[Phrase grounding data]
--------------------

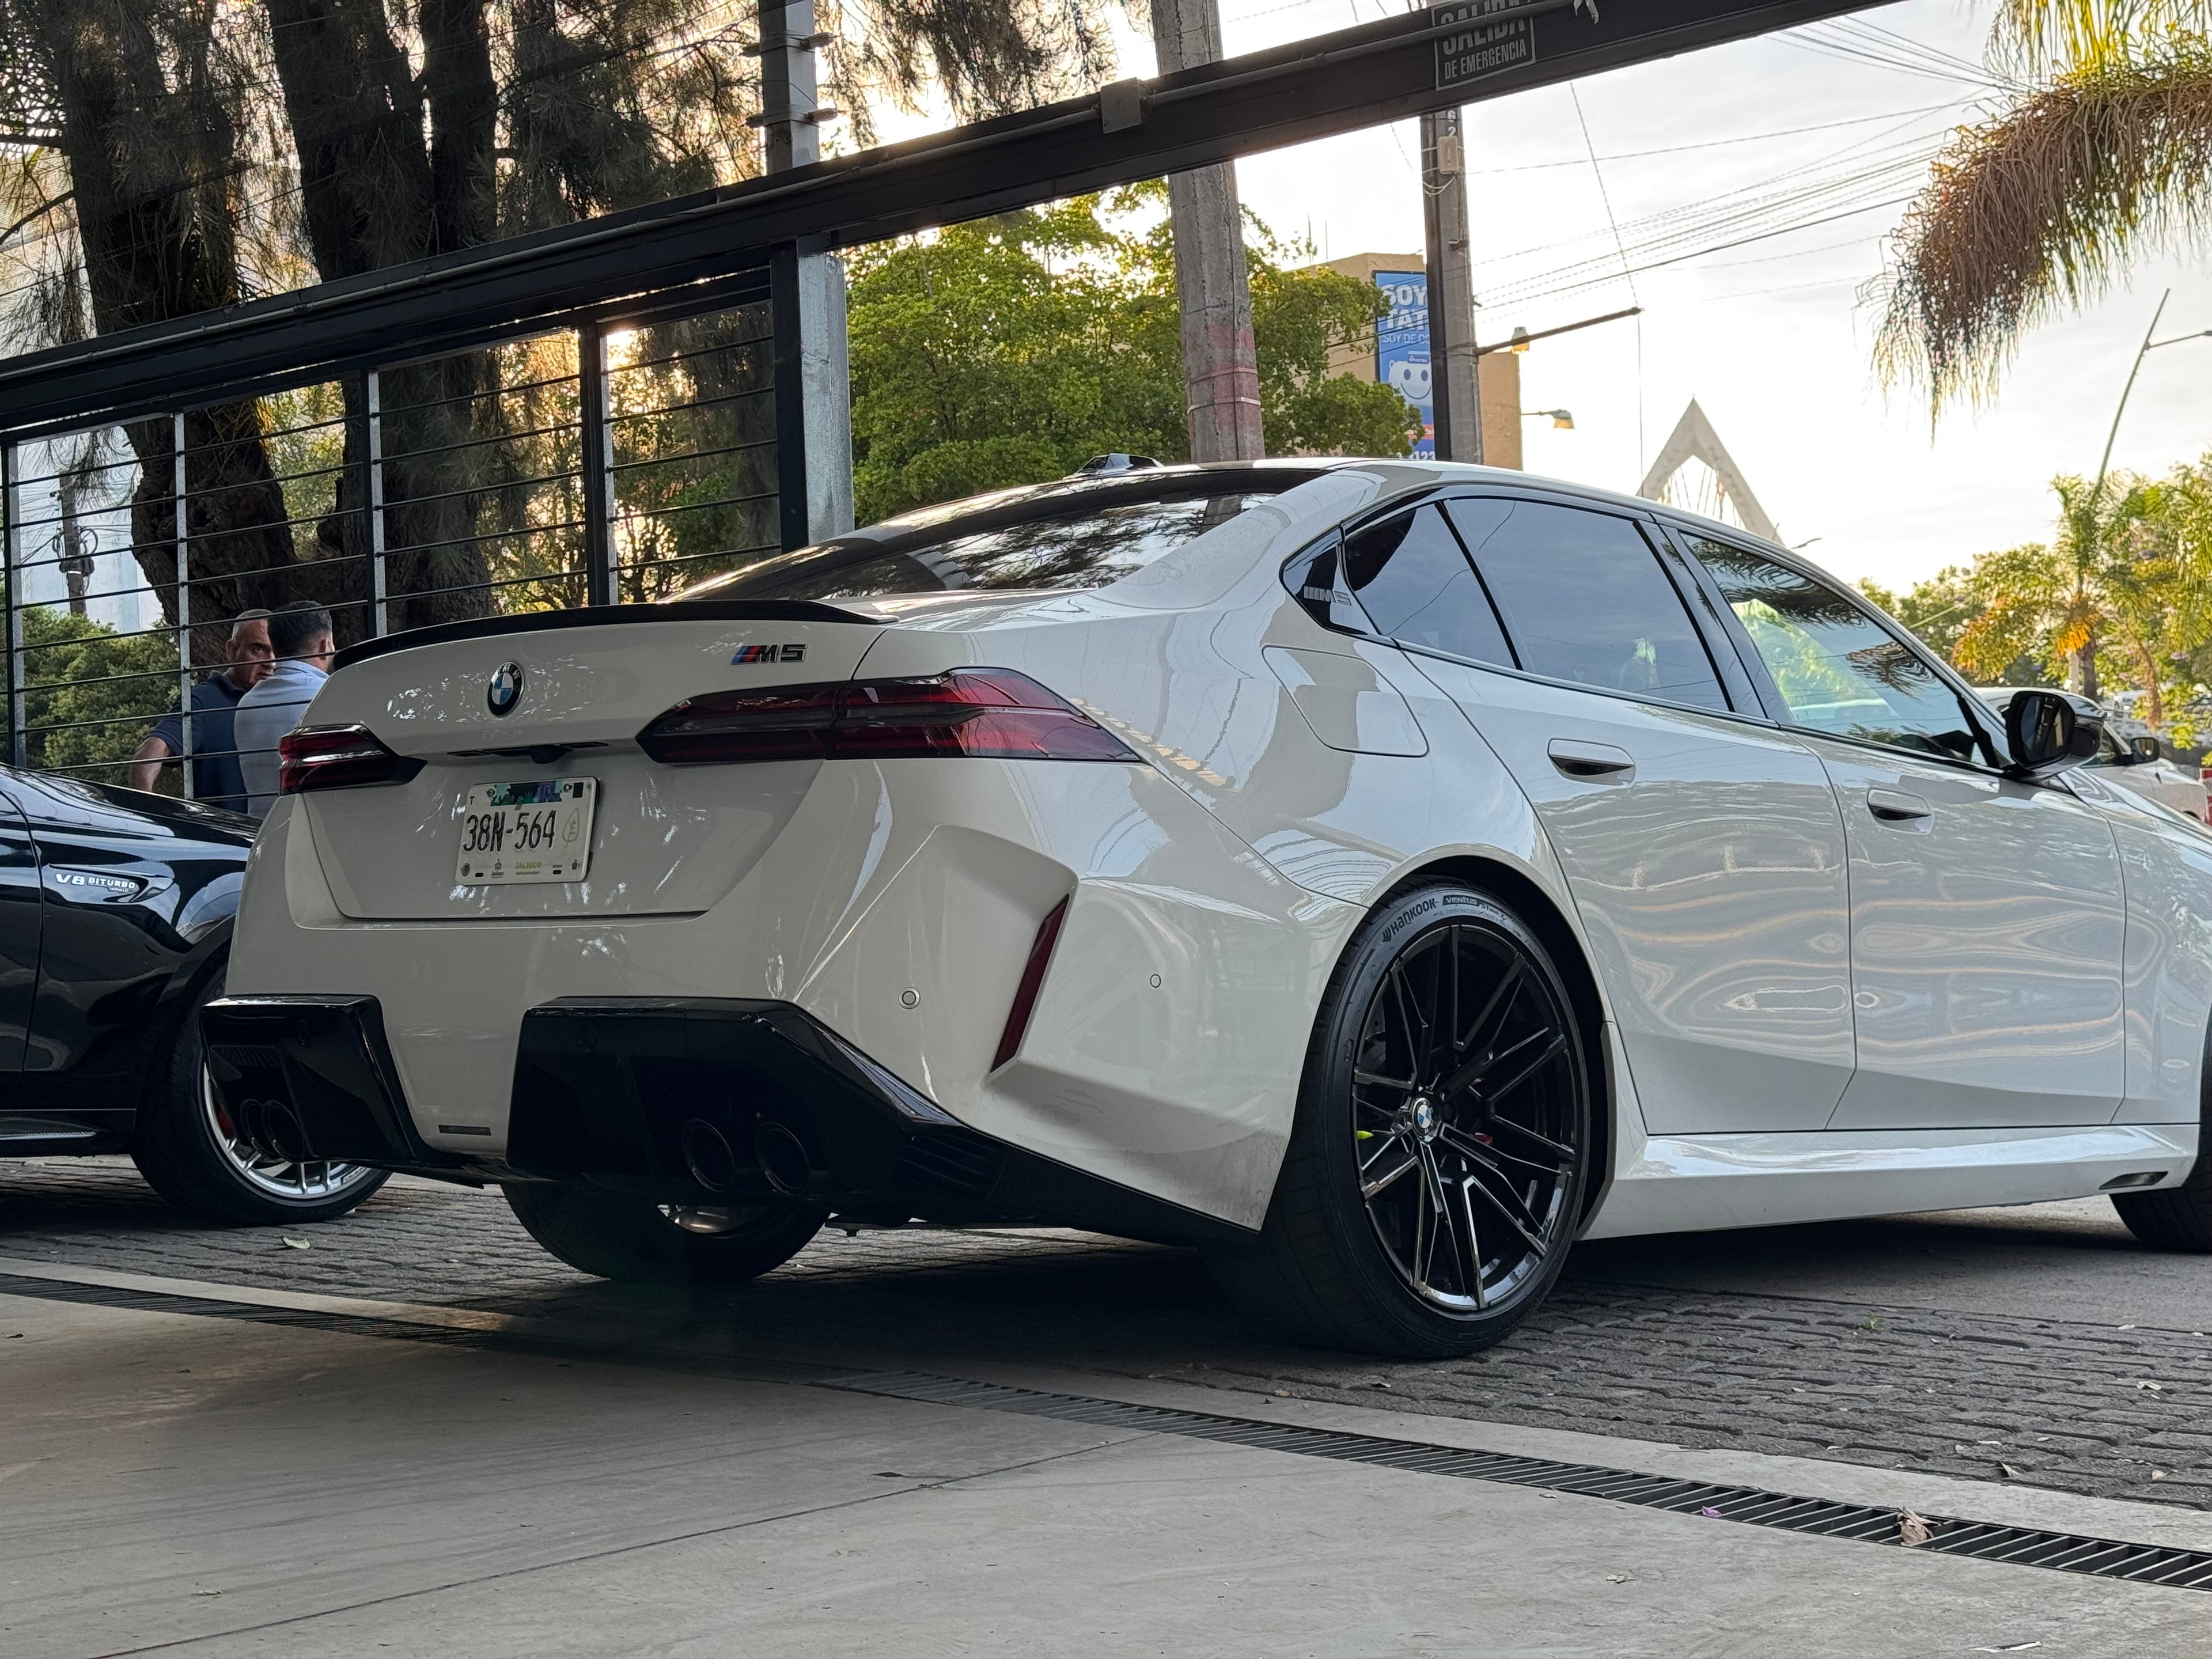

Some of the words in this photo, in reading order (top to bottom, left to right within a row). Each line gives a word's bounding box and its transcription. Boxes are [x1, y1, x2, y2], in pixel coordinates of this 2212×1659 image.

[1445, 59, 1457, 79] DE
[1461, 39, 1527, 75] EMERGENCIA
[1381, 284, 1427, 306] SOY
[1383, 334, 1401, 343] SOY
[1404, 334, 1416, 344] DE
[749, 644, 808, 664] M5
[463, 809, 557, 852] 38N-564
[515, 861, 542, 869] JALISCO
[56, 873, 85, 885] V8
[88, 877, 135, 888] BITURBO

--------------------

# HOW TO COMPLETE THIS TASK
Repeat all of the entries word for word, but omit the pictures.

# WRITTEN ANSWER
Some of the words in this photo, in reading order (top to bottom, left to right within a row). Each line gives a word's bounding box and its transcription. Boxes are [x1, y1, x2, y2], in pixel coordinates of this 2212×1659 image.

[1445, 59, 1457, 79] DE
[1461, 39, 1527, 75] EMERGENCIA
[1381, 284, 1427, 306] SOY
[1383, 334, 1401, 343] SOY
[1404, 334, 1416, 344] DE
[749, 644, 808, 664] M5
[463, 809, 557, 852] 38N-564
[515, 861, 542, 869] JALISCO
[56, 873, 85, 885] V8
[88, 877, 135, 888] BITURBO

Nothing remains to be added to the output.